30 It is not disputed that, in the case in the main proceedings, Rolex is the holder in Denmark of the copyright and trade mark right which it claims and that the watch at issue in that case constitutes counterfeit goods and pirated goods within the meaning of Article 2(1)(a) and (b) of the customs regulation. Nor is it disputed that Rolex would have been entitled to claim an infringement of its rights if those goods had been offered for sale by a trader established in that Member State, since, on the occasion of such a sale, made for commercial purposes, use would have been made, on distribution to the public, of its rights in the course of trade. It therefore remains to be ascertained, in order to reply to the questions referred, whether a holder of intellectual property rights, such as Rolex, may claim the same protection for its rights where, as in the case in the main proceedings, the goods at issue were sold from an online sales website in a non-member country on whose territory that protection is not applicable.

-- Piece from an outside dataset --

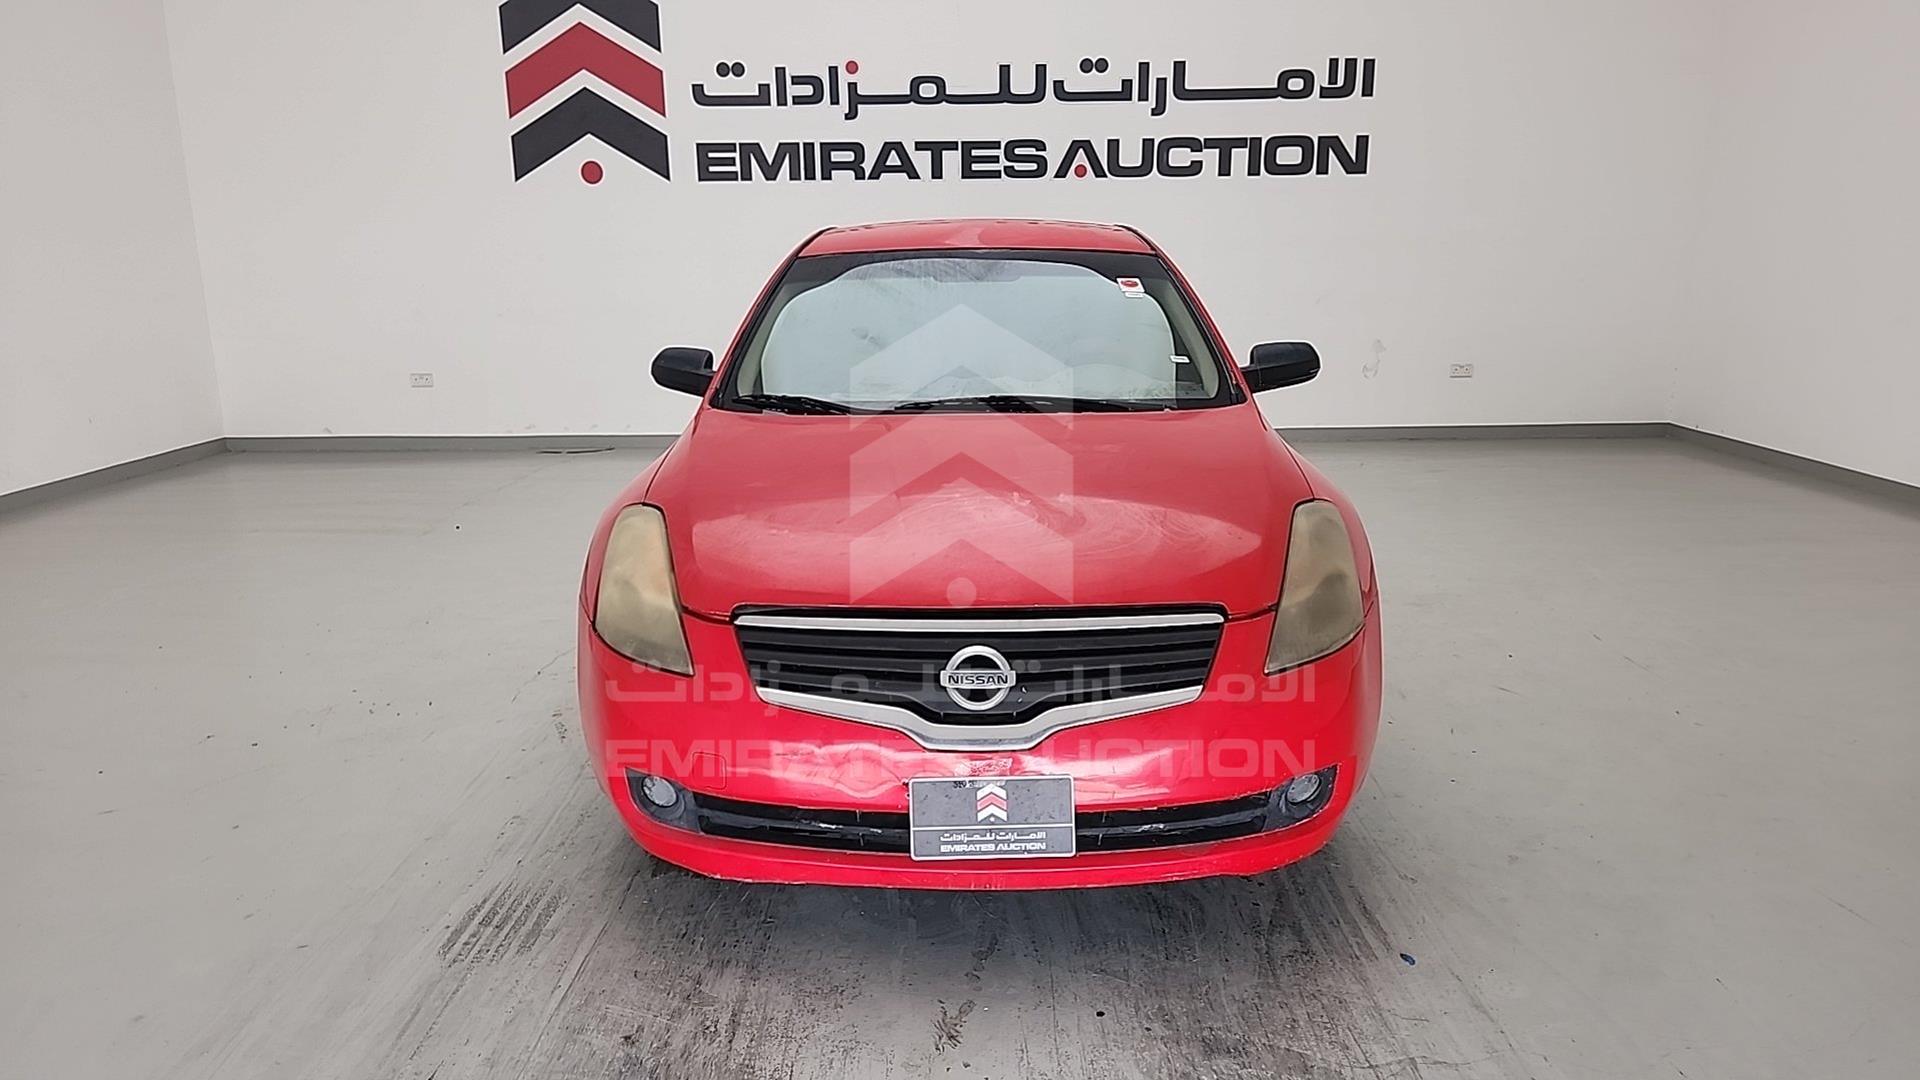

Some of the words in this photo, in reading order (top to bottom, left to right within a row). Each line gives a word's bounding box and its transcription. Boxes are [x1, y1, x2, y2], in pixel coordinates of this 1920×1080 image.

31 Admittedly, the mere fact that a website is accessible from the territory covered by the trade mark is not a sufficient basis for concluding that the offers for sale displayed there are targeted at consumers in that territory (L’Oréal and Others, paragraph 64).
32 However, the Court has held that the rights thus protected may be infringed where, even before their arrival in the territory covered by that protection, goods coming from non-member States are the subject of a commercial act directed at consumers in that territory, such as a sale, offer for sale or advertising (see, to that effect, Philips, paragraph 57 and the case-law cited).
33 Thus, goods coming from a non-member State which are imitations of goods protected in the European Union by a trade mark right or copies of goods protected in the European Union by copyright, a related right or a design can be classified as ‘counterfeit goods’ or ‘pirated goods’ where it is proven that they are intended to be put on sale in the European Union, such proof being provided, inter alia, where it turns out that the goods have been sold to a customer in the European Union or offered for sale or advertised to consumers in the European Union (see, to that effect, Philips, paragraph 78).
34 It is common ground that, in the case in the main proceedings, the goods at issue were the subject of a sale to a customer in the European Union, such a situation not being therefore in any event comparable to that of goods on offer in an ‘online marketplace’, nor that of goods brought into the customs territory of the European Union under a suspensive procedure. Consequently, the mere fact that the sale was made from an online sales website in a non-member country cannot have the effect of depriving the holder of an intellectual property right over the goods which were the subject of the sale of the protection afforded by the customs regulation, without it being necessary to verify whether such goods were, in addition, prior to that sale, the subject of an offer for sale or advertising targeting European Union consumers.
35 In the light of the foregoing, the answer to the questions referred is that the customs regulation must be interpreted as meaning that the holder of an intellectual property right over goods sold to a person residing in the territory of a Member State through an online sales website in a non-member country enjoys the protection afforded to that holder by that regulation at the time when those goods enter the territory of that Member State merely by virtue of the acquisition of those goods. It is not necessary, in addition, for the goods at issue to have been the subject, prior to the sale, of an offer for sale or advertising targeting consumers of that State.